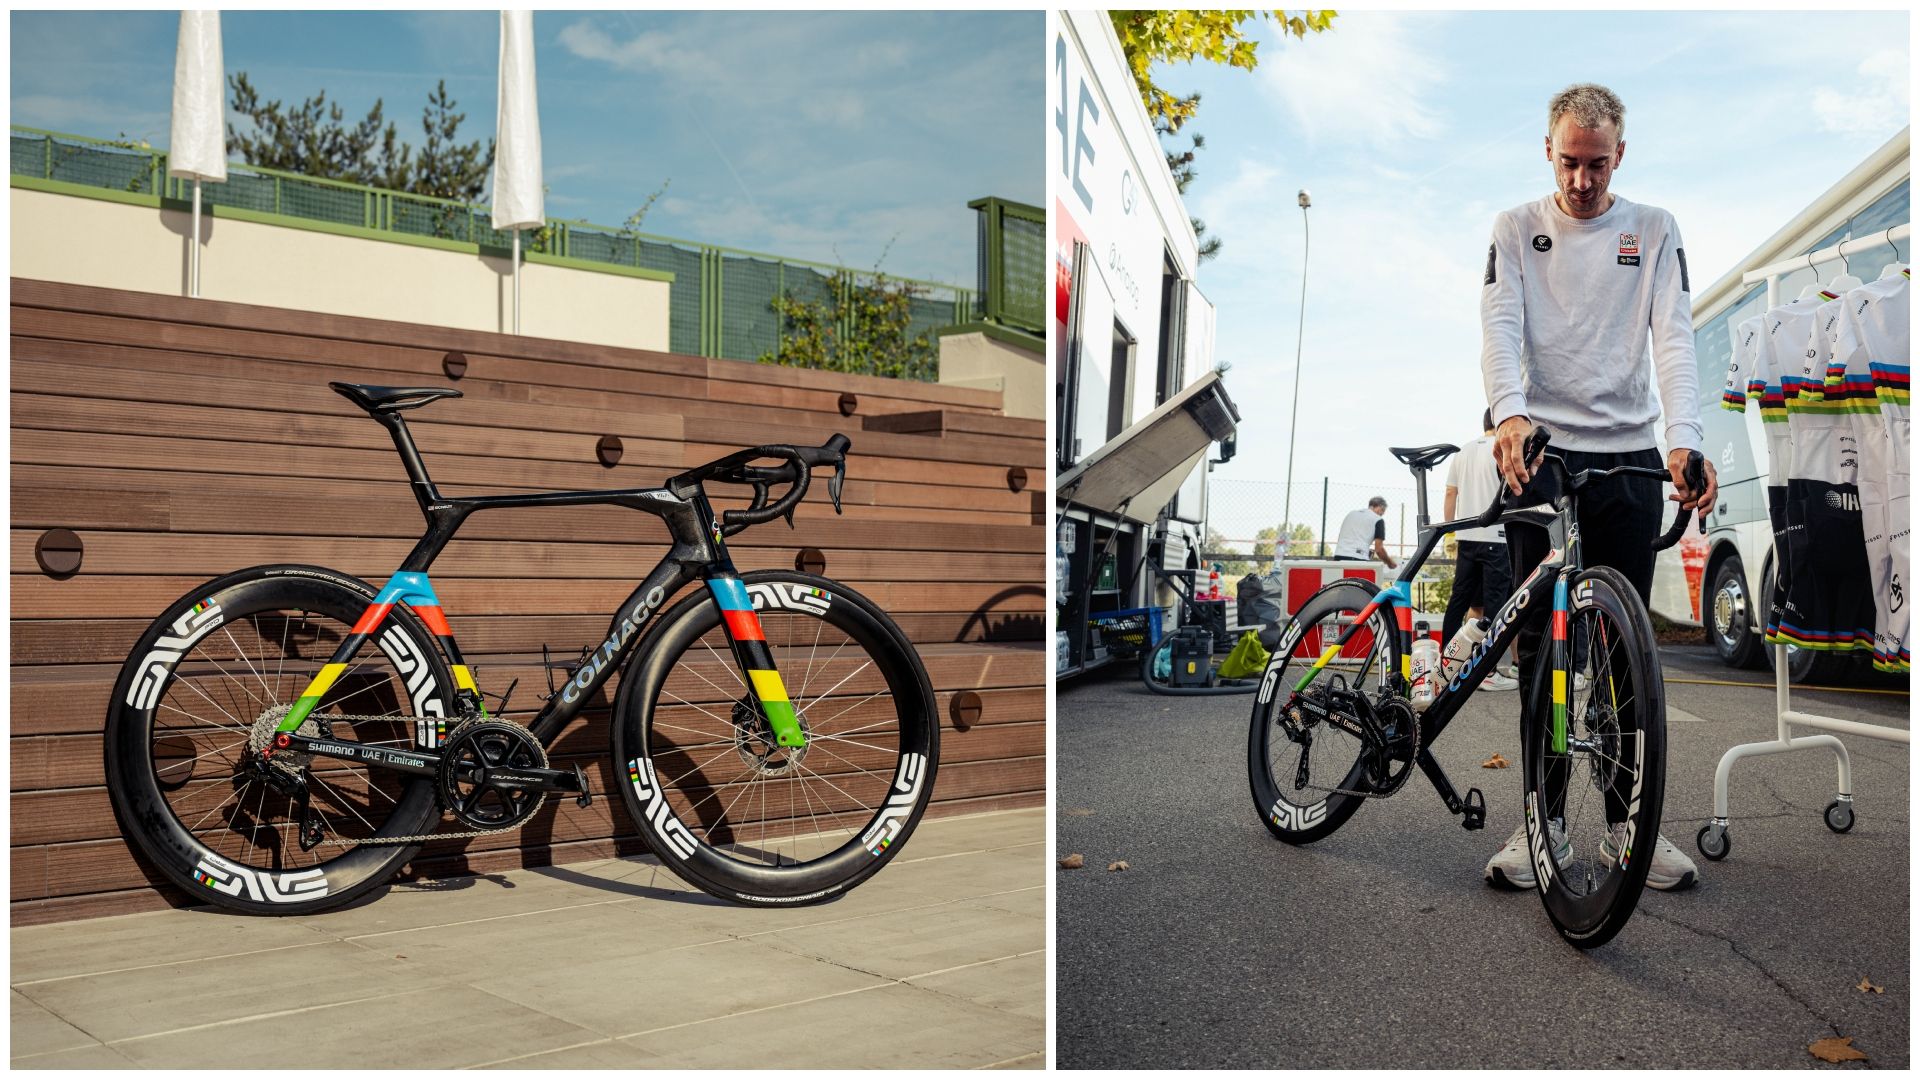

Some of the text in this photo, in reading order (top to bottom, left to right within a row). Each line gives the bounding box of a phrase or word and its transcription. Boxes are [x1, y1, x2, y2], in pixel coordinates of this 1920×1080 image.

[562, 585, 665, 704] COLNAGO
[1449, 588, 1531, 692] COLNAGO
[1302, 701, 1328, 717] SHIMANO
[1329, 712, 1341, 723] UAE
[308, 742, 355, 756] SHIMANO
[361, 749, 425, 768] UAE Emirates
[490, 774, 543, 783] DURA-ACE
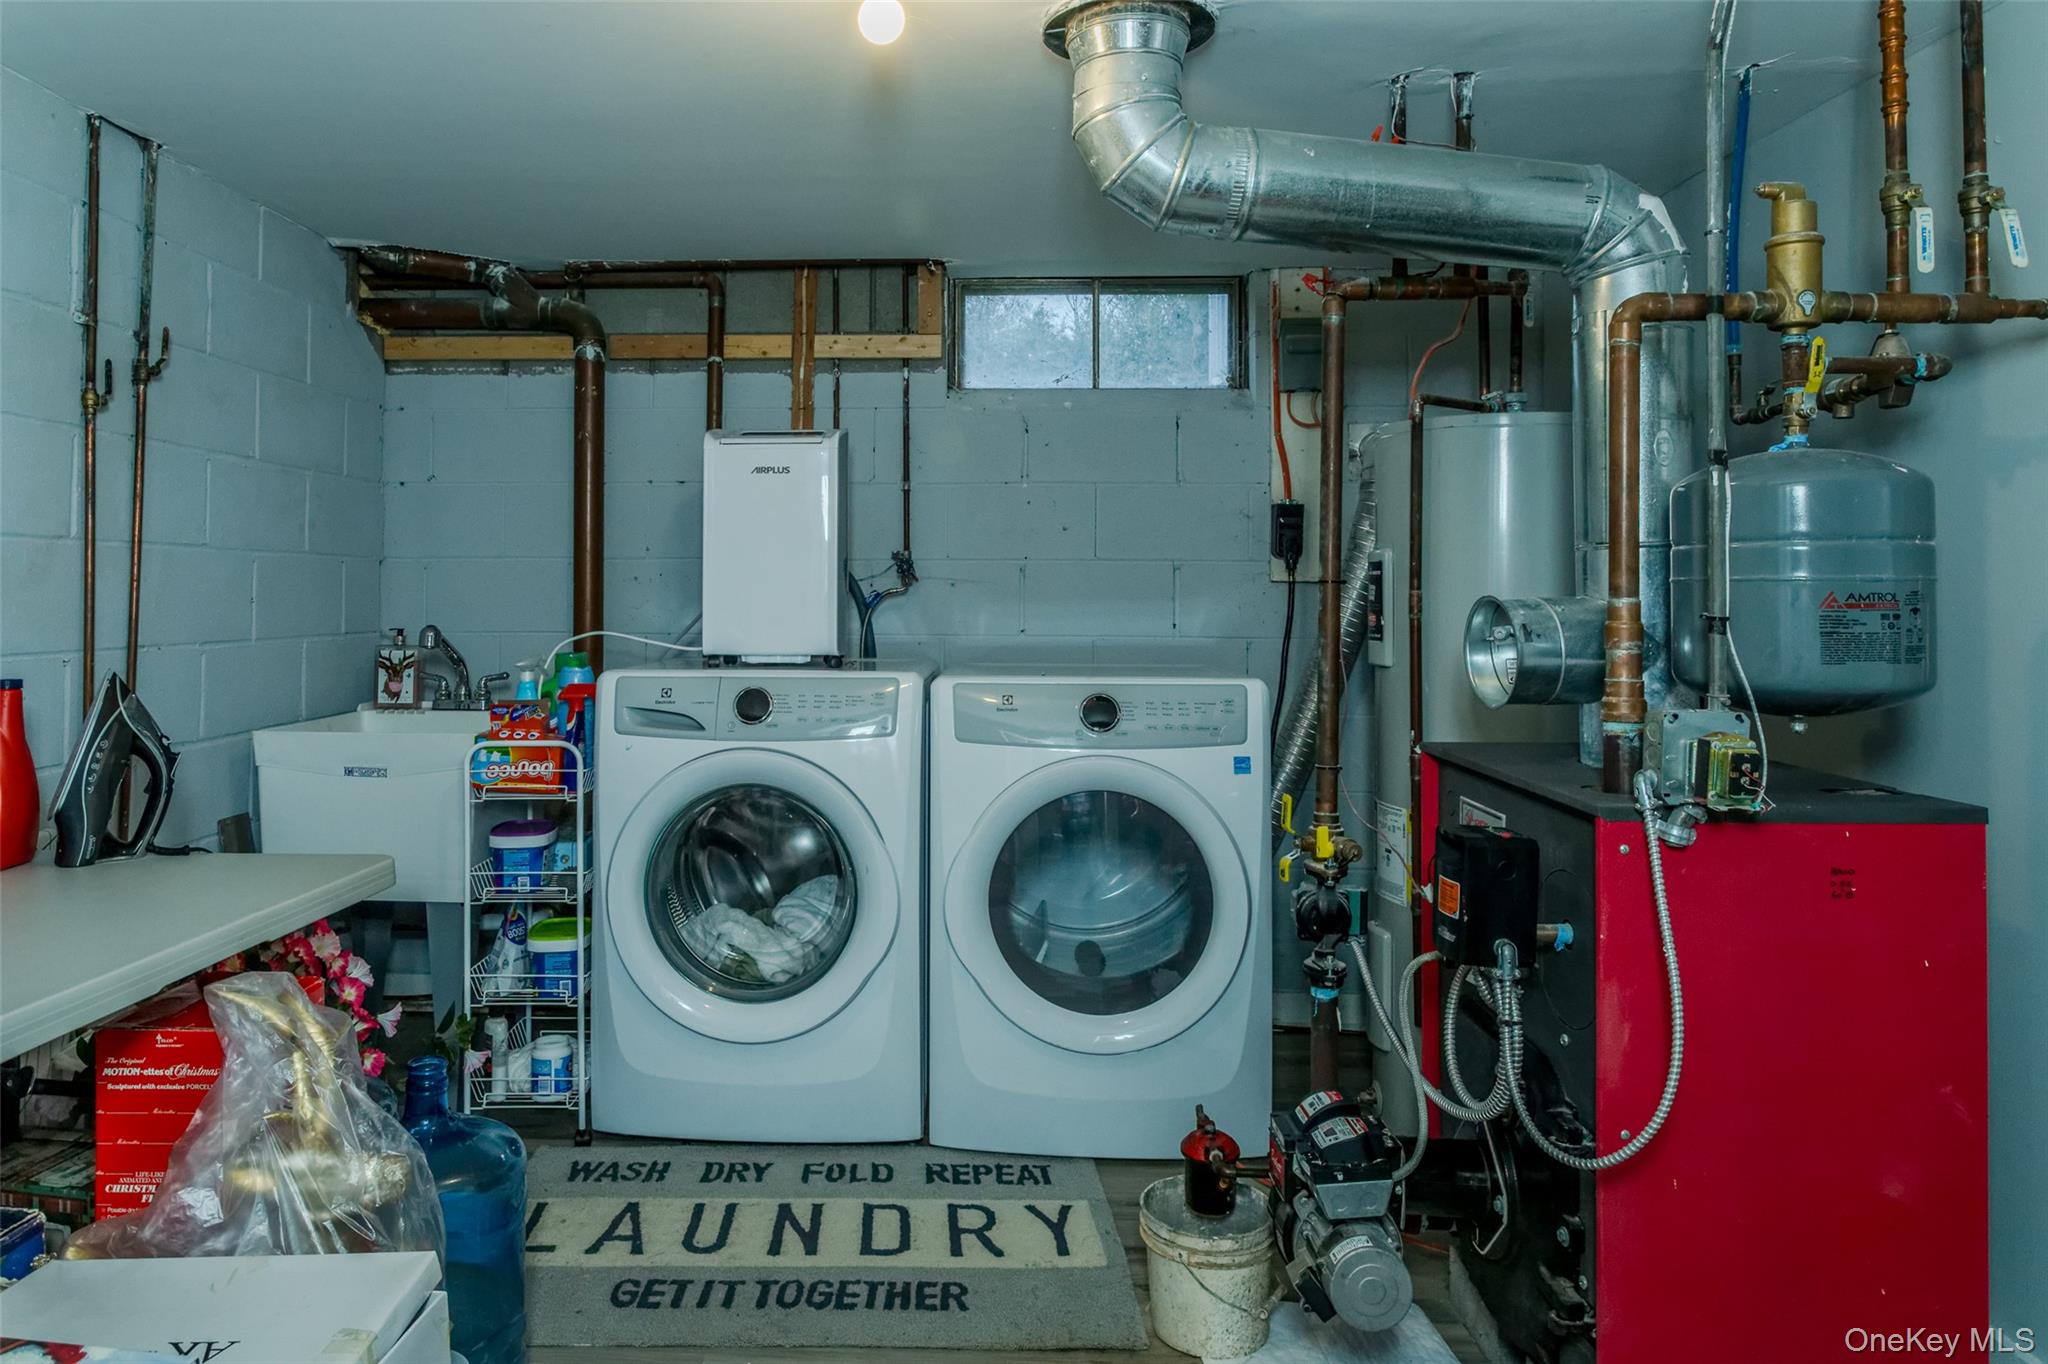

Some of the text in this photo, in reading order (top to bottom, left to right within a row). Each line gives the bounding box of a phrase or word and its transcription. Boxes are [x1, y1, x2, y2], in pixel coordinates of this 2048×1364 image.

[750, 465, 791, 474] AIRPLUS
[1844, 592, 1900, 602] AMTROL
[119, 1057, 146, 1065] Original
[102, 1067, 163, 1076] MOTION-ettes
[173, 1063, 220, 1078] Christmas
[567, 1160, 1053, 1186] WASH DRY FOLD REPEAT
[525, 1201, 1074, 1258] LAUNDRY
[608, 1278, 970, 1312] GET IT TOGETHER
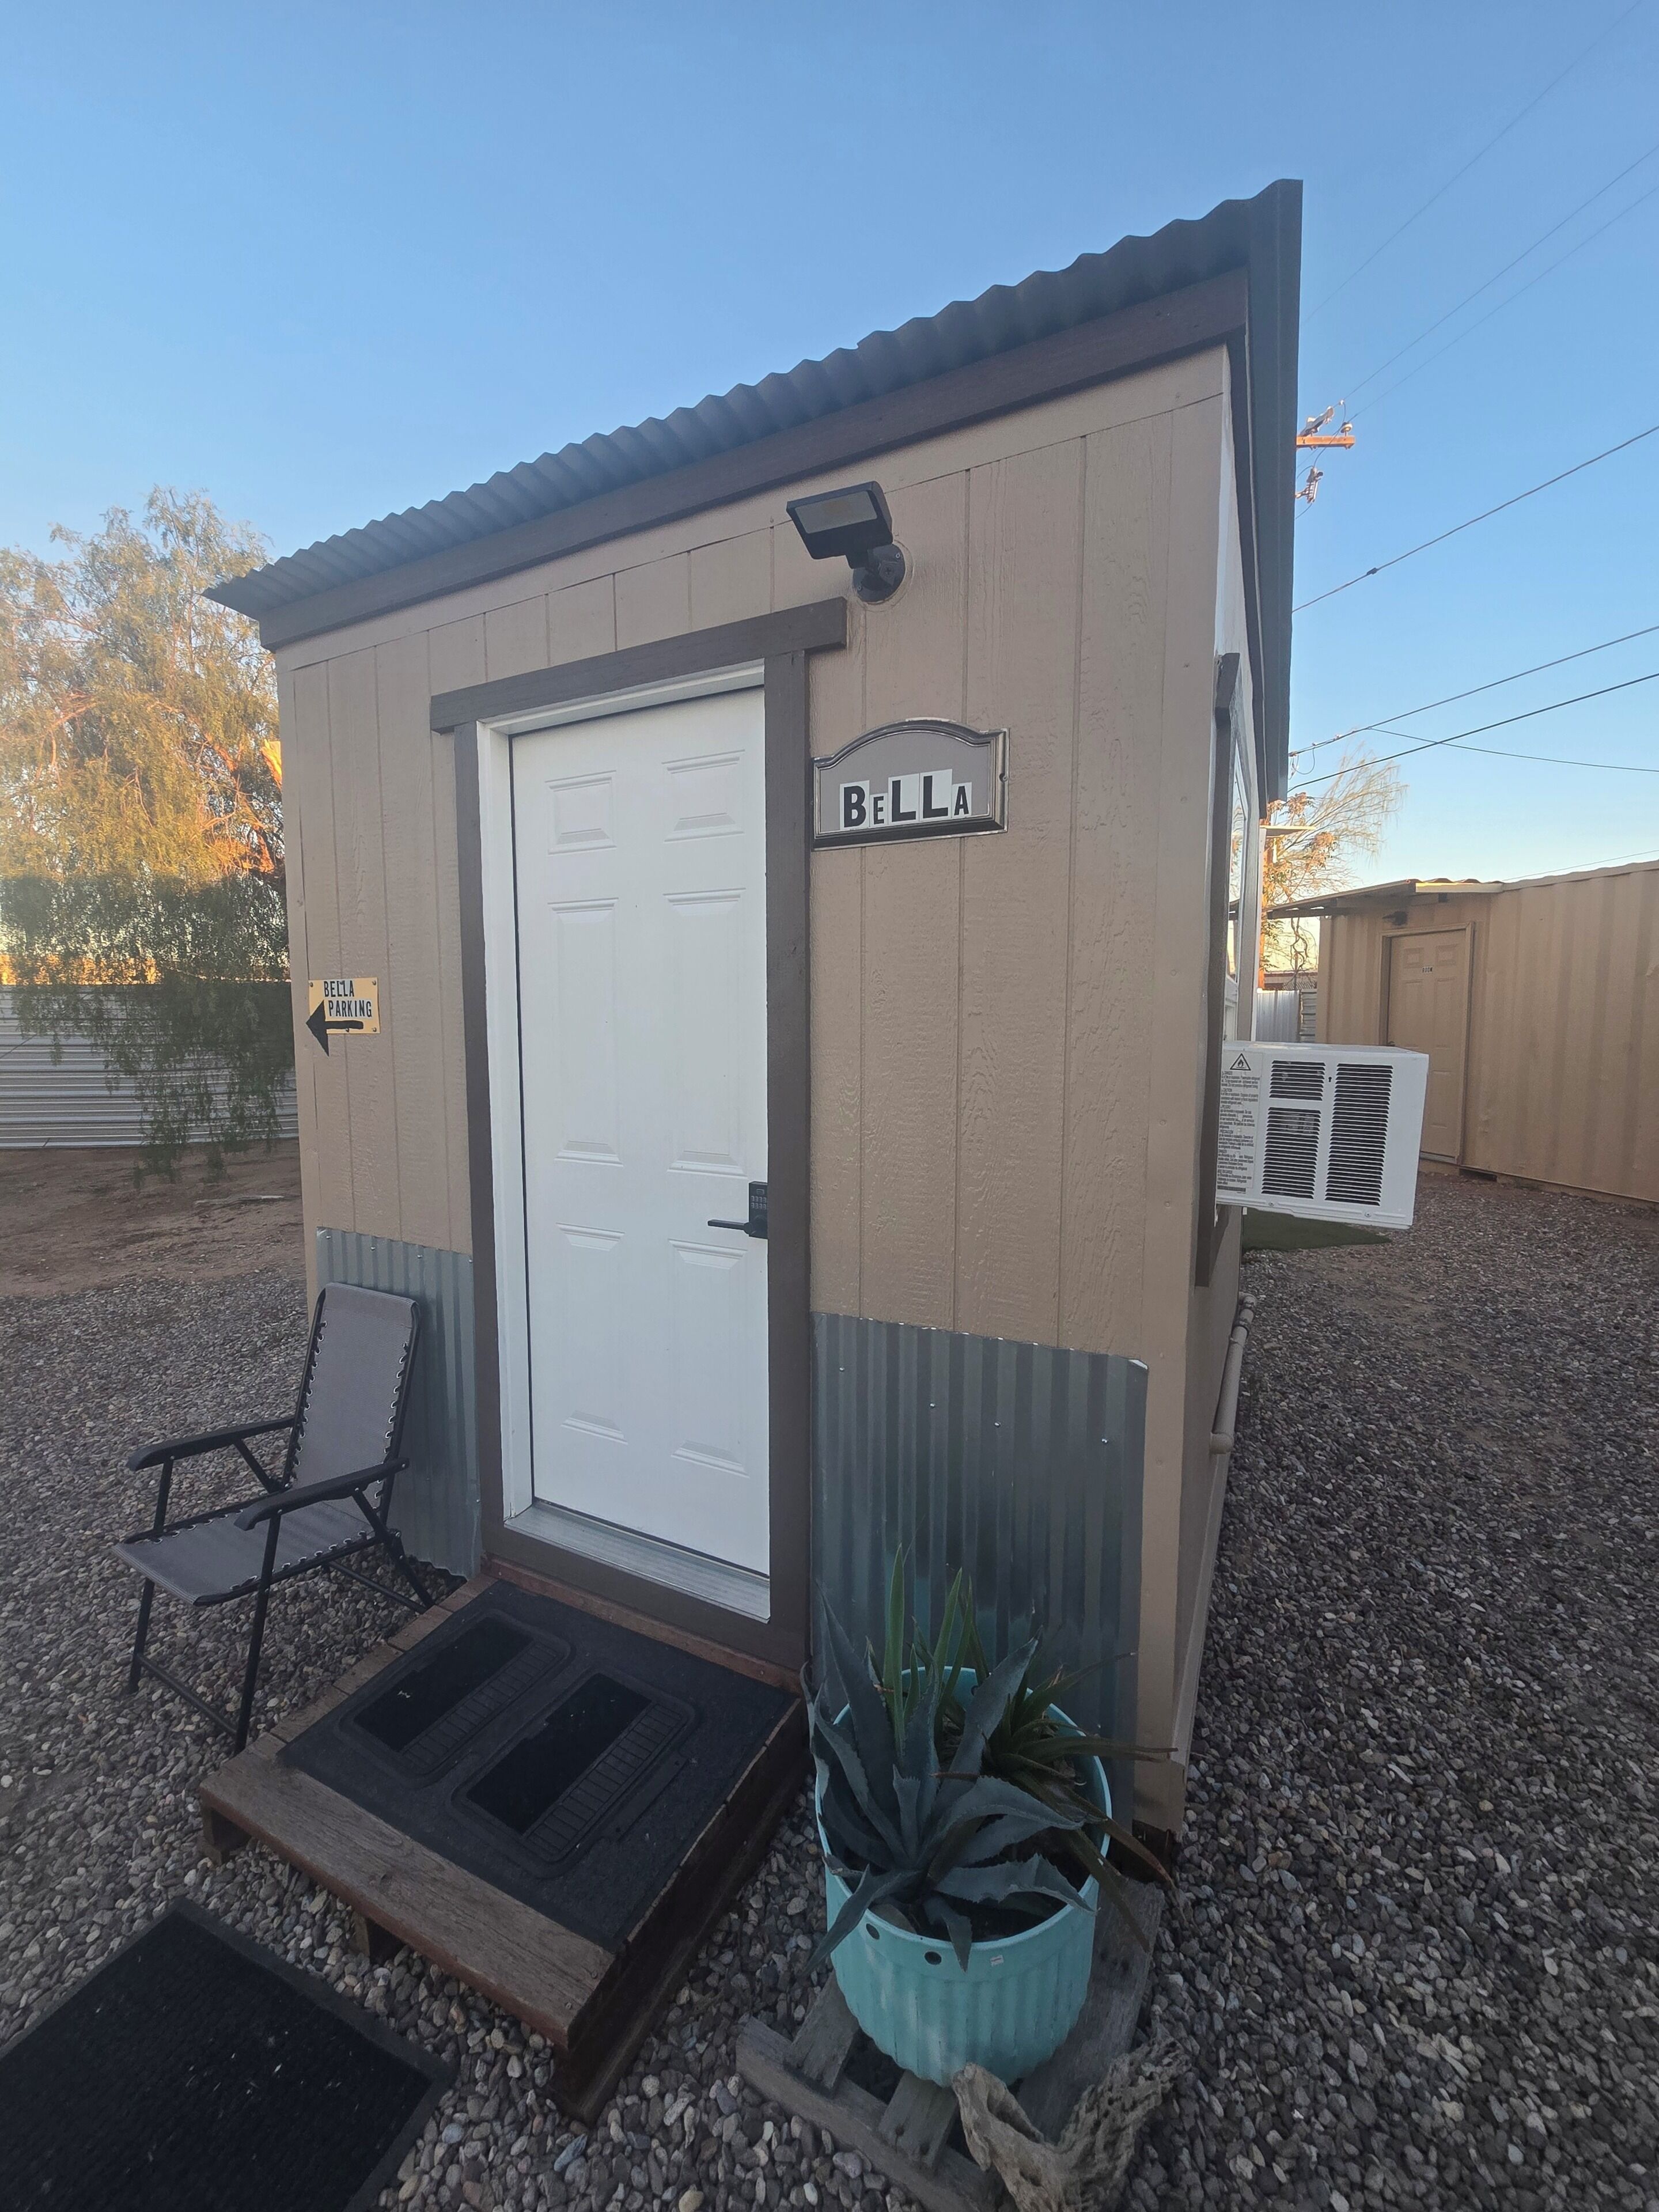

WORK REQUIRED — Output everything in the records exactly, leaving pictures out.

RESPONSE TO THIS TASK —
Some of the text in this photo, in reading order (top to bottom, left to right within a row). Each line gives the bounding box of a phrase or word and its transcription. Boxes are [x1, y1, x2, y2], in pixel coordinates of this 1920×1080 image.

[562, 585, 665, 704] COLNAGO
[1449, 588, 1531, 692] COLNAGO
[1302, 701, 1328, 717] SHIMANO
[1329, 712, 1341, 723] UAE
[308, 742, 355, 756] SHIMANO
[361, 749, 425, 768] UAE Emirates
[490, 774, 543, 783] DURA-ACE

Some of the text in this photo, in reading order (top to bottom, left to right within a row). Each line gives the bounding box of a phrase or word and its transcription. Boxes are [x1, y1, x2, y2], in pixel coordinates of this 2048×1364 image.

[750, 465, 791, 474] AIRPLUS
[1844, 592, 1900, 602] AMTROL
[119, 1057, 146, 1065] Original
[102, 1067, 163, 1076] MOTION-ettes
[173, 1063, 220, 1078] Christmas
[567, 1160, 1053, 1186] WASH DRY FOLD REPEAT
[525, 1201, 1074, 1258] LAUNDRY
[608, 1278, 970, 1312] GET IT TOGETHER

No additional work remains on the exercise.